Изменить стиль страницы

Красный френч и малиновые галифе с леями не могли не броситься в глаза. Уж слишком контрастировал костюм серба с обмундированием бойцов. Но командарму показалось: не костюм, а добрая улыбка на светлом продолговатом лице привлекла внимание чрезвычайного комиссара.

Дундич не умел скрывать своих чувств. Вот и сейчас, зная о предстоящей встрече с личным посланцем Ленина, весь светился от сознания, что вождь русской революции поручает ему такое ответственное задание.

И удивительное дело — замкнутое лицо наркома, как бы поддавшись обаянию молодого воина, вдруг тоже просветлело.
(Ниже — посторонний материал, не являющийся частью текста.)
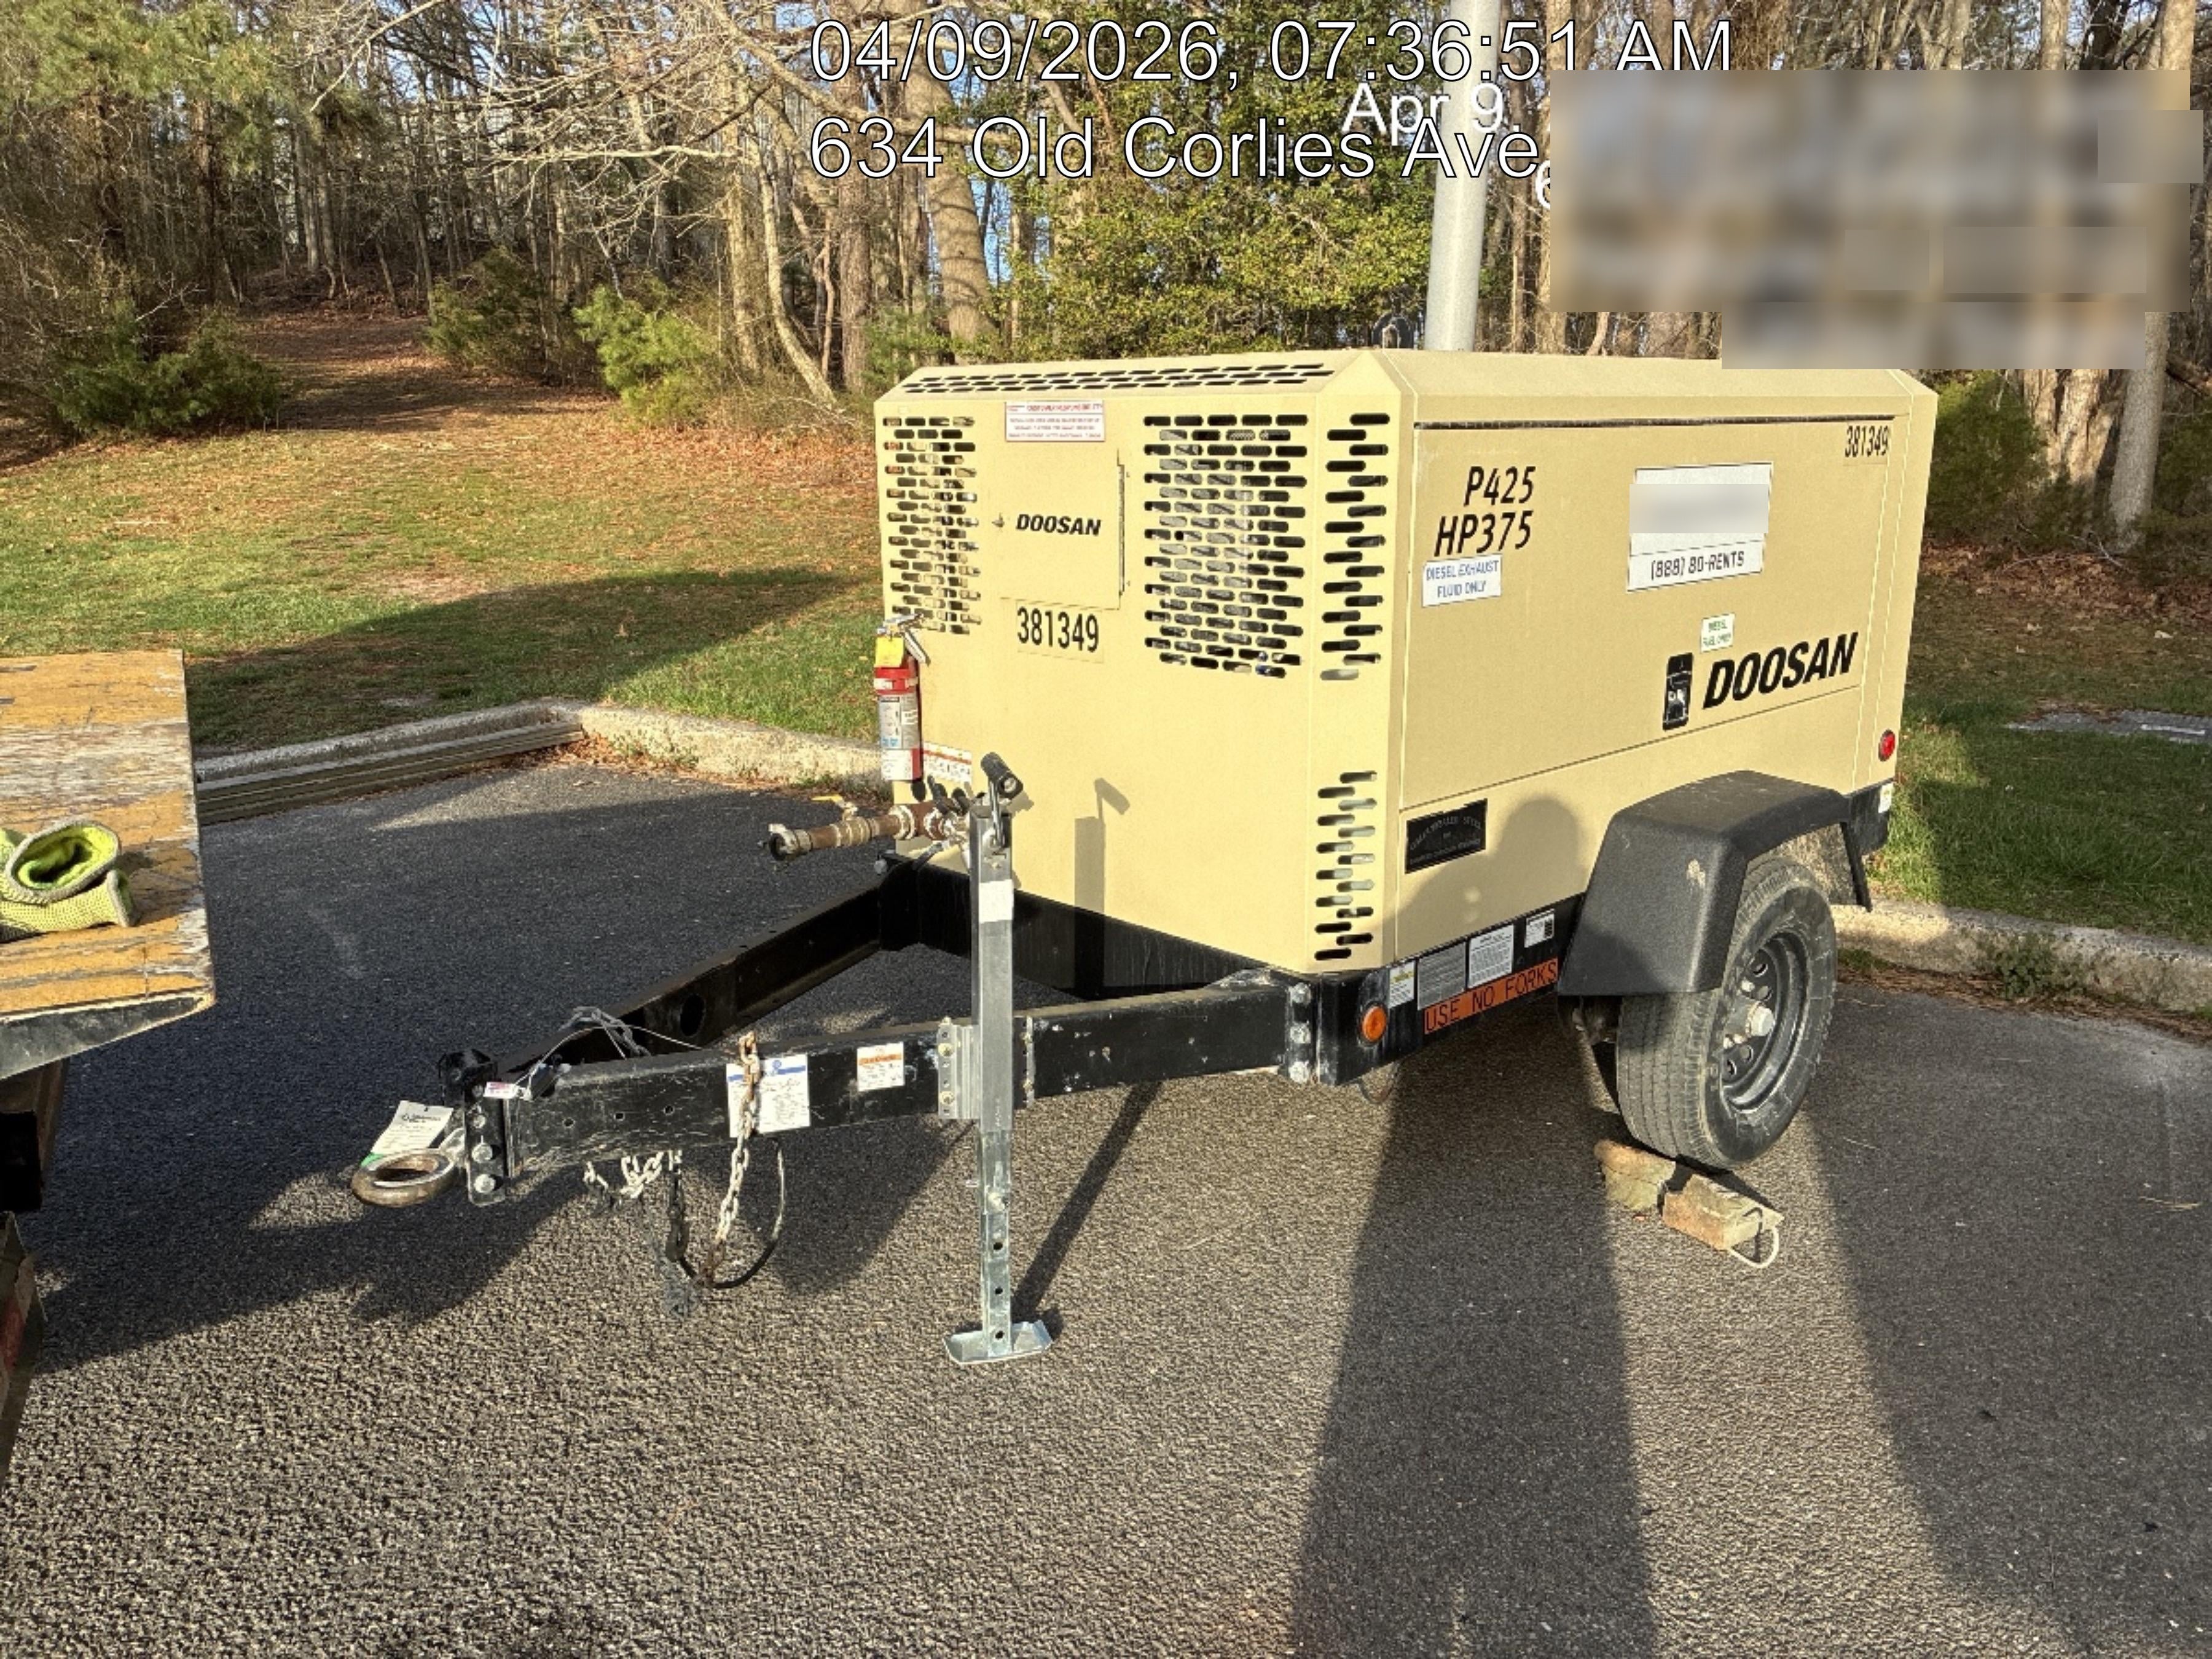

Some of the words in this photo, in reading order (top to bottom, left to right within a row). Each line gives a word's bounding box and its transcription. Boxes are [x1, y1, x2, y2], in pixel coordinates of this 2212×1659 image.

Он выпростал правую руку из-под борта кителя и протянул Ивану Антоновичу:

— Здравствуйте, товарищ Дундич!

— Здравствуйте, товарищ нарком, — ответил Дундич, слегка сжимая горячую ладонь.

— Наслышан о вашей доблести, — сказал нарком. — Надеюсь, что и впредь будете также служить мировой революции?

— Так точно!

Нарком удовлетворенно расправил черные с рыжинкой усы и решительно направился к середине строя. Поднявшись на сложенные штабелем шпалы, приподнял руку к фуражке и негромко, но четко произнес:

— Здравствуйте, товарищи бойцы Красной Армии!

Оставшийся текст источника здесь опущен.